(Extracted records)

__________

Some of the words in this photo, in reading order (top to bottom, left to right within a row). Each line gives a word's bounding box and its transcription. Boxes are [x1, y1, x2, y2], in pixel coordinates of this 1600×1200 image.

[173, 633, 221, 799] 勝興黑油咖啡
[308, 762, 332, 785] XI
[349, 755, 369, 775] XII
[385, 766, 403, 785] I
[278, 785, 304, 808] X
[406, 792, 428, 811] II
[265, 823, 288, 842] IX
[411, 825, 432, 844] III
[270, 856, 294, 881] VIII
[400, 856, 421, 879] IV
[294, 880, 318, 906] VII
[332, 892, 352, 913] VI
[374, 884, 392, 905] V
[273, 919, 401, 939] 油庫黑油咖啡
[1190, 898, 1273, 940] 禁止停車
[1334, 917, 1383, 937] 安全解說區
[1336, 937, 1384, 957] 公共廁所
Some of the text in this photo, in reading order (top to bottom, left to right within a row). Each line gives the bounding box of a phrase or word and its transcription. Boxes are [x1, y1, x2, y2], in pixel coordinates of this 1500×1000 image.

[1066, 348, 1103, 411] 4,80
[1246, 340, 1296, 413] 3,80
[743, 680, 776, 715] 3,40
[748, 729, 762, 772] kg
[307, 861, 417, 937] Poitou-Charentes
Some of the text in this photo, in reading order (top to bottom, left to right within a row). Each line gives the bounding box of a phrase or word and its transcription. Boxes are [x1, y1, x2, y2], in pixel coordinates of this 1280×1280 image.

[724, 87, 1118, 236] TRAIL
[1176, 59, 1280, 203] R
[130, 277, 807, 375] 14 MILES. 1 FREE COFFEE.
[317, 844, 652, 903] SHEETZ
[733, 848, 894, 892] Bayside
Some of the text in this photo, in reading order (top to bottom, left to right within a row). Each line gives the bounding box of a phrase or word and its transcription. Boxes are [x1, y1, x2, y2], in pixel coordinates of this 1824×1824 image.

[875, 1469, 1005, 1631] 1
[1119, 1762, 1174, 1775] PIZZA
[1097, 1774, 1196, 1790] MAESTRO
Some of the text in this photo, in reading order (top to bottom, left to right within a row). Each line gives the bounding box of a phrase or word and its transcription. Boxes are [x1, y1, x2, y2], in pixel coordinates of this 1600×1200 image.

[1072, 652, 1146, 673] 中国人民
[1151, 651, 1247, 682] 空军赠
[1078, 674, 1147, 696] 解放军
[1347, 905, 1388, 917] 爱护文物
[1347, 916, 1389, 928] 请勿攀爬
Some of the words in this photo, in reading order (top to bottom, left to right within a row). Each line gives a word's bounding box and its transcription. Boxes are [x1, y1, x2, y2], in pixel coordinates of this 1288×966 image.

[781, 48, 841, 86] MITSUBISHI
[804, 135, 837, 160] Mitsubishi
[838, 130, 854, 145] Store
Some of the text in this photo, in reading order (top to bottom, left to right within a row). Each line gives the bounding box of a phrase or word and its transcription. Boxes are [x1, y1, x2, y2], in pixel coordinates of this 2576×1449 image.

__________

— Assignment —
Give the entries again in full, with nothing changed.

— Written answer —
Some of the words in this photo, in reading order (top to bottom, left to right within a row). Each line gives a word's bounding box and its transcription. Boxes are [x1, y1, x2, y2], in pixel coordinates of this 1600×1200 image.

[173, 633, 221, 799] 勝興黑油咖啡
[308, 762, 332, 785] XI
[349, 755, 369, 775] XII
[385, 766, 403, 785] I
[278, 785, 304, 808] X
[406, 792, 428, 811] II
[265, 823, 288, 842] IX
[411, 825, 432, 844] III
[270, 856, 294, 881] VIII
[400, 856, 421, 879] IV
[294, 880, 318, 906] VII
[332, 892, 352, 913] VI
[374, 884, 392, 905] V
[273, 919, 401, 939] 油庫黑油咖啡
[1190, 898, 1273, 940] 禁止停車
[1334, 917, 1383, 937] 安全解說區
[1336, 937, 1384, 957] 公共廁所
Some of the text in this photo, in reading order (top to bottom, left to right within a row). Each line gives the bounding box of a phrase or word and its transcription. Boxes are [x1, y1, x2, y2], in pixel coordinates of this 1500×1000 image.

[1066, 348, 1103, 411] 4,80
[1246, 340, 1296, 413] 3,80
[743, 680, 776, 715] 3,40
[748, 729, 762, 772] kg
[307, 861, 417, 937] Poitou-Charentes
Some of the text in this photo, in reading order (top to bottom, left to right within a row). Each line gives the bounding box of a phrase or word and its transcription. Boxes are [x1, y1, x2, y2], in pixel coordinates of this 1280×1280 image.

[724, 87, 1118, 236] TRAIL
[1176, 59, 1280, 203] R
[130, 277, 807, 375] 14 MILES. 1 FREE COFFEE.
[317, 844, 652, 903] SHEETZ
[733, 848, 894, 892] Bayside
Some of the text in this photo, in reading order (top to bottom, left to right within a row). Each line gives the bounding box of a phrase or word and its transcription. Boxes are [x1, y1, x2, y2], in pixel coordinates of this 1824×1824 image.

[875, 1469, 1005, 1631] 1
[1119, 1762, 1174, 1775] PIZZA
[1097, 1774, 1196, 1790] MAESTRO
Some of the text in this photo, in reading order (top to bottom, left to right within a row). Each line gives the bounding box of a phrase or word and its transcription. Boxes are [x1, y1, x2, y2], in pixel coordinates of this 1600×1200 image.

[1072, 652, 1146, 673] 中国人民
[1151, 651, 1247, 682] 空军赠
[1078, 674, 1147, 696] 解放军
[1347, 905, 1388, 917] 爱护文物
[1347, 916, 1389, 928] 请勿攀爬
Some of the words in this photo, in reading order (top to bottom, left to right within a row). Each line gives a word's bounding box and its transcription. Boxes are [x1, y1, x2, y2], in pixel coordinates of this 1288×966 image.

[781, 48, 841, 86] MITSUBISHI
[804, 135, 837, 160] Mitsubishi
[838, 130, 854, 145] Store
Some of the text in this photo, in reading order (top to bottom, left to right within a row). Each line gives the bounding box of a phrase or word and its transcription. Boxes are [x1, y1, x2, y2], in pixel coordinates of this 2576×1449 image.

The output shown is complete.